Category: Suits (US TV)
Genre: F/M, Post canon, Shameless and plotless, Smut
Language: English
Status: Completed
Published: 2020-08-01
Updated: 2020-08-01
Packaged: 2021-03-06 00:55:31
Rating: Mature
Warnings: Creator Chose Not To Use Archive Warnings
Chapters: 1
Words: 1,622
Publisher: archiveofourown.org
Story URL: https://archiveofourown.org/works/25654765
Author URL: https://archiveofourown.org/users/ambaila/pseuds/ambaila
Summary: The rule was simple: Distract.Victory: Sweet.
Relationships: Donna Paulsen/Harvey Specter
Kudos: 23





	Rhapsody in Blue

There was an element about dating that wasn’t as exciting as being married. Dating Donna, actually dating Donna, was late night dinners, early morning coffees and weekends spent in bed or trying to get out of bed to go to the office. Being married to Donna was a whole different ball game.

It wasn’t that they had to explain themselves, no. Everyone knew they were married, despite her keeping Paulsen as her name on the door. Everything else she signed Specter and it did things to him. But, being in a different city, finally able to _breathe_ because no one is threatening them opens up the world.

Being married in Seattle is how it should have been dating in New York. They should have been able to slink off in the middle of the afternoon for lunch. Or enjoy a dinner at a reasonable hour without worrying about someone losing their title. It should have been easy and normal. Yet, they were married after being together for less than a year.

The element of being married in Seattle, with Donna, was elusive. It was a game only they participated in. Their opponents were each other. And they were currently tied.

Rules were simple: distract. It didn’t matter how; it did if they were in the office and even then, there was some leniency. The goal was to distract the other and points were given if someone else commented about it. Public encounters were given if a check had to be called prematurely or a plan was completely set aside for something else. It was their way of using intimate and expert knowledge to their own advantage. Donna was winning.

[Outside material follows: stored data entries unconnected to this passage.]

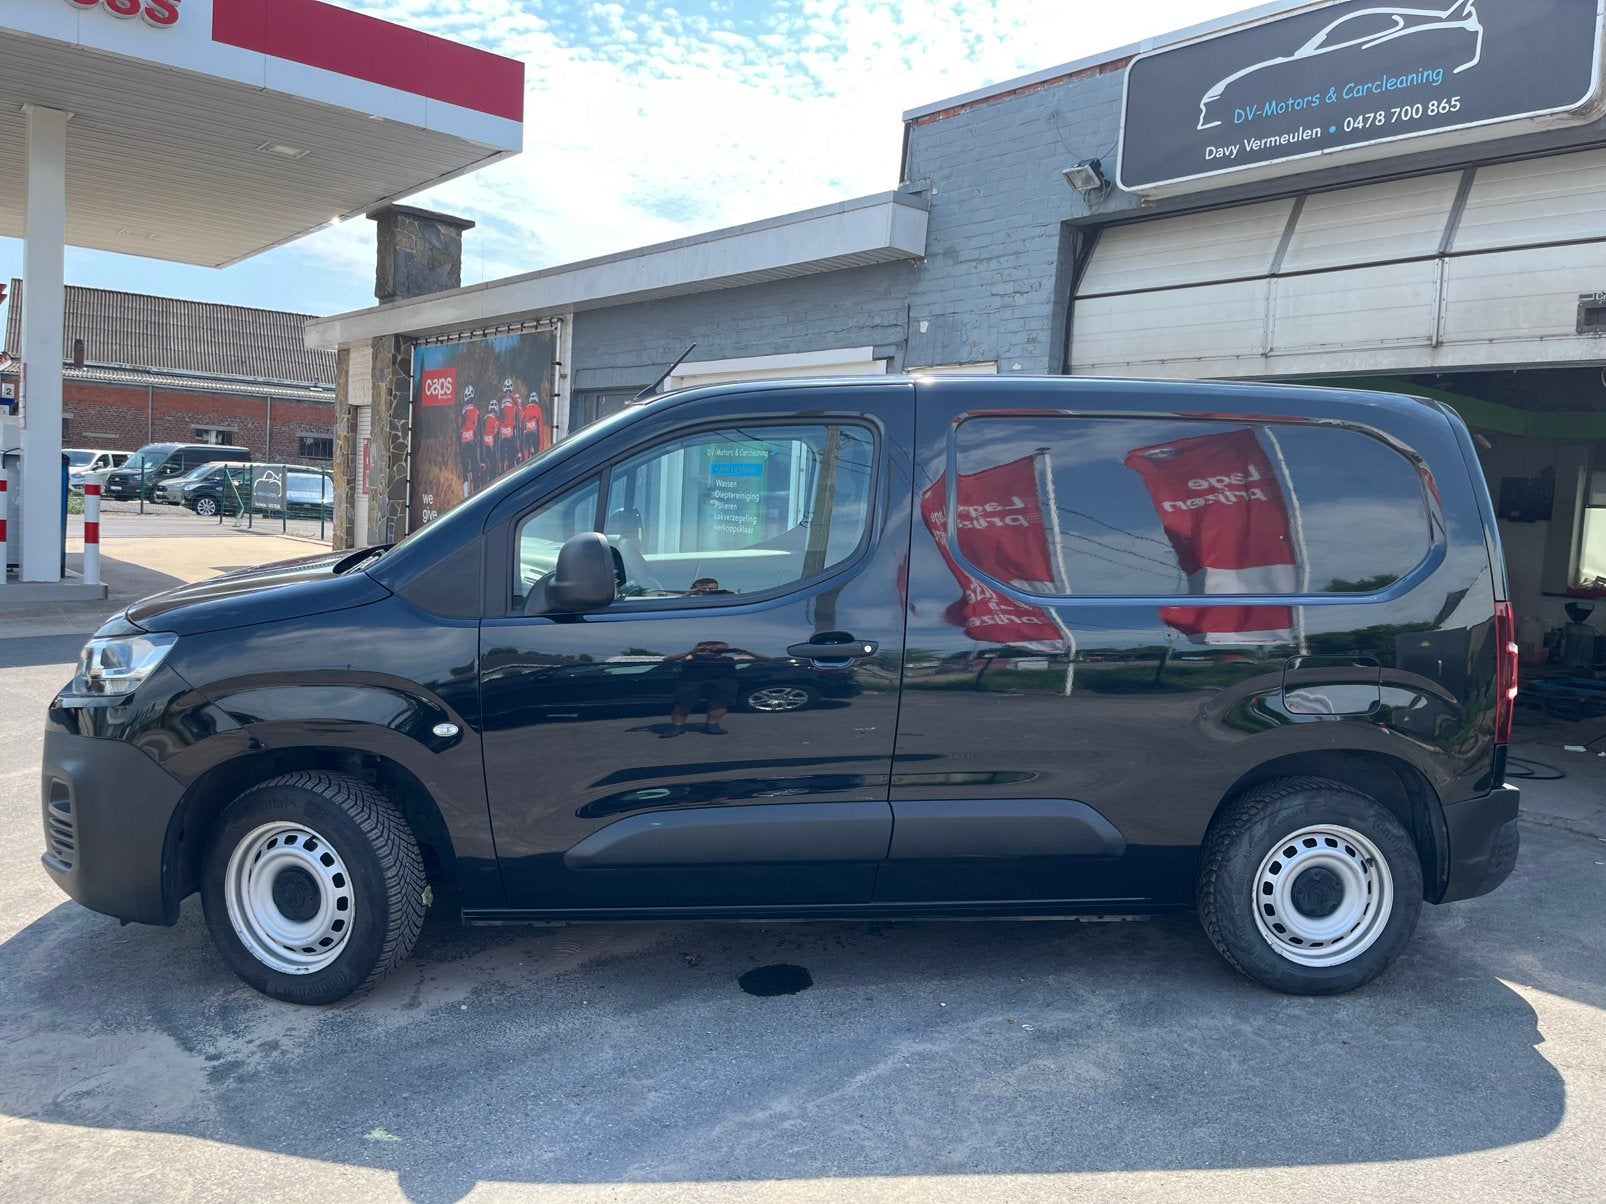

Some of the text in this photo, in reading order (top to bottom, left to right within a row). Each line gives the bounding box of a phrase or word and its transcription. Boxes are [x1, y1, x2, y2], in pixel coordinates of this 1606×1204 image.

[1234, 68, 1444, 124] DV-Motors & Carcleaning
[1205, 96, 1461, 160] Davy Vermeulen 0478 700 865
[425, 377, 453, 399] caps
[716, 479, 737, 488] Wassen
[422, 493, 434, 505] we
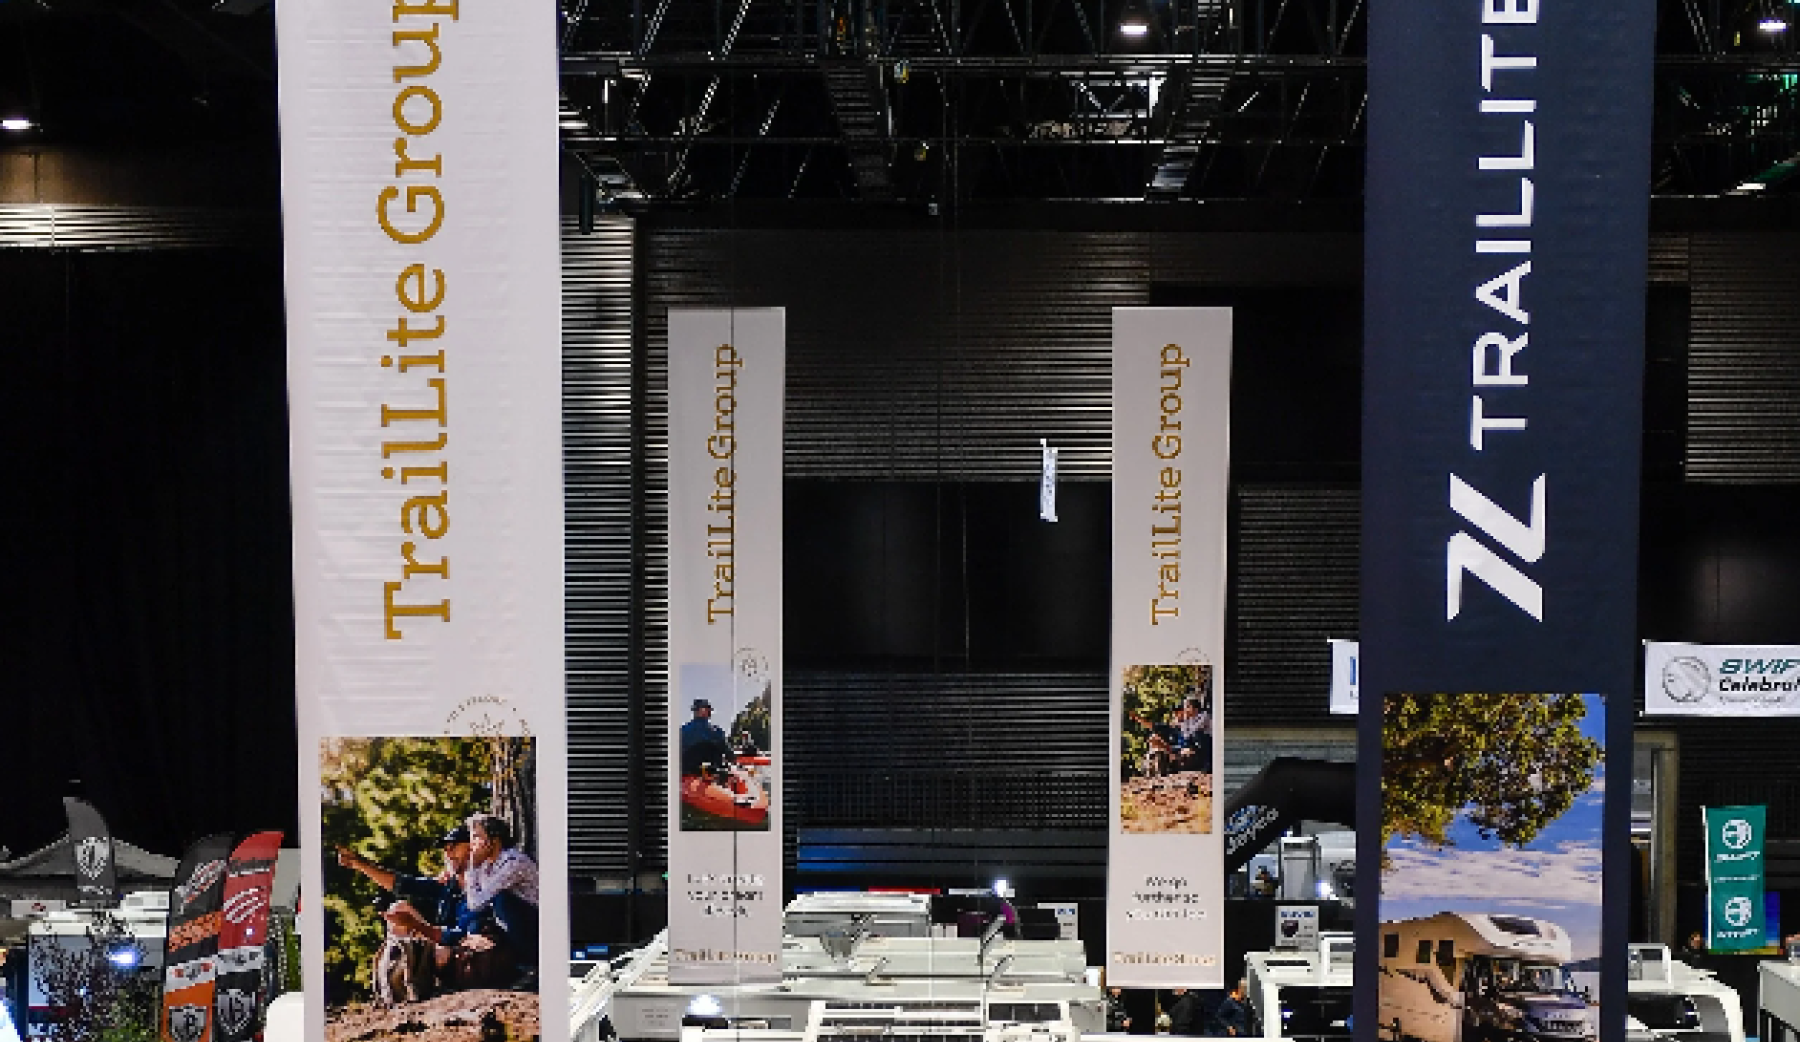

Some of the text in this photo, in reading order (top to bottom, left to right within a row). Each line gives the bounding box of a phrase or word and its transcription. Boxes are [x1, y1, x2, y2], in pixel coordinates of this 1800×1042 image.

[380, 263, 450, 639] TrailLite
[707, 343, 743, 625] TrailLite Group
[1151, 343, 1190, 625] TrailLite Group

Harvey scored points when he watched his wife, across their conference table, swallow hard at an innuendo meant for her. Commenting on it would have been inappropriate since they were surrounded by clients and opposing attorneys. She gave him a point with a single nod and holding up a finger. She got him back in spades the next day when she showed up wearing a low-cut dress with a partial slit up the side; he didn’t know she bought it, much less owned it and returned the gesture through the window of his office.

A second point came in a restaurant. Seattle was a wet state and Harvey did what he could to avoid it. He could handle the snow, he could handle the heat, but the constant barrage of rain was getting uncomfortable. His hair was wet and his coat damp when he sat down. Donna was dry as a bone, hadn’t ordered drinks but was sitting there with a smirk on her lips.

“I’m wet,” Harvey grumbled.

“Me too.”

Her voice had been steady. Harvey’s head snapped up to see his wife tilt her head and raise a single eyebrow. He missed the waitress’ eye roll when Donna informed her they were getting desert. He was too busy focusing on her comment.

They made it home in record time.

It was a back and forth banter. The office was their playground primarily. Notes in files were exchanged which Donna shredded habitually. Appointments were arranged, rearranged or cancelled. Flirting in the hallway in silence was their superpower.

Early morning calls were Harvey’s favorite. It gave him an opportunity to distract her. But she usually made her way out of bed leaving him with his thoughts.

Harvey had made some joke that had Donna laughing when her phone rang. She answered it effortlessly with, “This is Donna.”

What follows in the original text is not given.